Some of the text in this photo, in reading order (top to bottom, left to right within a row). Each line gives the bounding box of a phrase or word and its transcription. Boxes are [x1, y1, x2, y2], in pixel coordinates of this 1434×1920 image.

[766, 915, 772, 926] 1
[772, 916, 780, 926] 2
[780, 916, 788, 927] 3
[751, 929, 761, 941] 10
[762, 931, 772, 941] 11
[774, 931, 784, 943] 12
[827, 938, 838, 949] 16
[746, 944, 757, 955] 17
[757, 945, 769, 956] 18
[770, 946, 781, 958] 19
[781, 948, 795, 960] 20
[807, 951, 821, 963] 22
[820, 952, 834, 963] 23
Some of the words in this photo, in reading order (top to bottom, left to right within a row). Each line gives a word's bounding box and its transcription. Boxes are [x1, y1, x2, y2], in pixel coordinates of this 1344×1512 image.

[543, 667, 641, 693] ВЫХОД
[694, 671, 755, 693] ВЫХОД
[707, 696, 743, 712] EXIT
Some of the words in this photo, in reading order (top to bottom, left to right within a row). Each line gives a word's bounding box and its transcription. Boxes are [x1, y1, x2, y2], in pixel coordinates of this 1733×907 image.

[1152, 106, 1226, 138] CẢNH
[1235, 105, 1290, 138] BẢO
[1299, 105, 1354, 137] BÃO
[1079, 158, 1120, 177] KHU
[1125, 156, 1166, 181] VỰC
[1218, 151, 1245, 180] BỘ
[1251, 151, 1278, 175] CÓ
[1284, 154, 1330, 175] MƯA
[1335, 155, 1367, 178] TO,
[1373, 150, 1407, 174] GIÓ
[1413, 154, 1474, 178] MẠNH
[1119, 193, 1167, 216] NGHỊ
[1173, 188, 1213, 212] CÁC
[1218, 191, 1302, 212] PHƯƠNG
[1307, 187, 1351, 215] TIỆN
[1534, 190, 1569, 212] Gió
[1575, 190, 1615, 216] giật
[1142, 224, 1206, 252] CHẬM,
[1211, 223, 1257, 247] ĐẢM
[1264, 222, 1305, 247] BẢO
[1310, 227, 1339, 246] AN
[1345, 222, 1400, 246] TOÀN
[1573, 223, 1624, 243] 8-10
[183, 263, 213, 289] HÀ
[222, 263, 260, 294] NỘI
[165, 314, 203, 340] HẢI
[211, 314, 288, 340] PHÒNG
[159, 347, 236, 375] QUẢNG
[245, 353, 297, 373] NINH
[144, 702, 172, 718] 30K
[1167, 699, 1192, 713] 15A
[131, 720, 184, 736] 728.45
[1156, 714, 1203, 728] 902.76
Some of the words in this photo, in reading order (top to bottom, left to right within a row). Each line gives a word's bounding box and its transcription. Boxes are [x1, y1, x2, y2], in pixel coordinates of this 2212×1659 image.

- [Exercise details]: The answer must consist of all the entries, copied exactly.

- [Your solution]:
Some of the text in this photo, in reading order (top to bottom, left to right within a row). Each line gives the bounding box of a phrase or word and its transcription. Boxes are [x1, y1, x2, y2], in pixel coordinates of this 1434×1920 image.

[766, 915, 772, 926] 1
[772, 916, 780, 926] 2
[780, 916, 788, 927] 3
[751, 929, 761, 941] 10
[762, 931, 772, 941] 11
[774, 931, 784, 943] 12
[827, 938, 838, 949] 16
[746, 944, 757, 955] 17
[757, 945, 769, 956] 18
[770, 946, 781, 958] 19
[781, 948, 795, 960] 20
[807, 951, 821, 963] 22
[820, 952, 834, 963] 23
Some of the words in this photo, in reading order (top to bottom, left to right within a row). Each line gives a word's bounding box and its transcription. Boxes are [x1, y1, x2, y2], in pixel coordinates of this 1344×1512 image.

[543, 667, 641, 693] ВЫХОД
[694, 671, 755, 693] ВЫХОД
[707, 696, 743, 712] EXIT
Some of the words in this photo, in reading order (top to bottom, left to right within a row). Each line gives a word's bounding box and its transcription. Boxes are [x1, y1, x2, y2], in pixel coordinates of this 1733×907 image.

[1152, 106, 1226, 138] CẢNH
[1235, 105, 1290, 138] BẢO
[1299, 105, 1354, 137] BÃO
[1079, 158, 1120, 177] KHU
[1125, 156, 1166, 181] VỰC
[1218, 151, 1245, 180] BỘ
[1251, 151, 1278, 175] CÓ
[1284, 154, 1330, 175] MƯA
[1335, 155, 1367, 178] TO,
[1373, 150, 1407, 174] GIÓ
[1413, 154, 1474, 178] MẠNH
[1119, 193, 1167, 216] NGHỊ
[1173, 188, 1213, 212] CÁC
[1218, 191, 1302, 212] PHƯƠNG
[1307, 187, 1351, 215] TIỆN
[1534, 190, 1569, 212] Gió
[1575, 190, 1615, 216] giật
[1142, 224, 1206, 252] CHẬM,
[1211, 223, 1257, 247] ĐẢM
[1264, 222, 1305, 247] BẢO
[1310, 227, 1339, 246] AN
[1345, 222, 1400, 246] TOÀN
[1573, 223, 1624, 243] 8-10
[183, 263, 213, 289] HÀ
[222, 263, 260, 294] NỘI
[165, 314, 203, 340] HẢI
[211, 314, 288, 340] PHÒNG
[159, 347, 236, 375] QUẢNG
[245, 353, 297, 373] NINH
[144, 702, 172, 718] 30K
[1167, 699, 1192, 713] 15A
[131, 720, 184, 736] 728.45
[1156, 714, 1203, 728] 902.76
Some of the words in this photo, in reading order (top to bottom, left to right within a row). Each line gives a word's bounding box and its transcription. Boxes are [x1, y1, x2, y2], in pixel coordinates of this 2212×1659 image.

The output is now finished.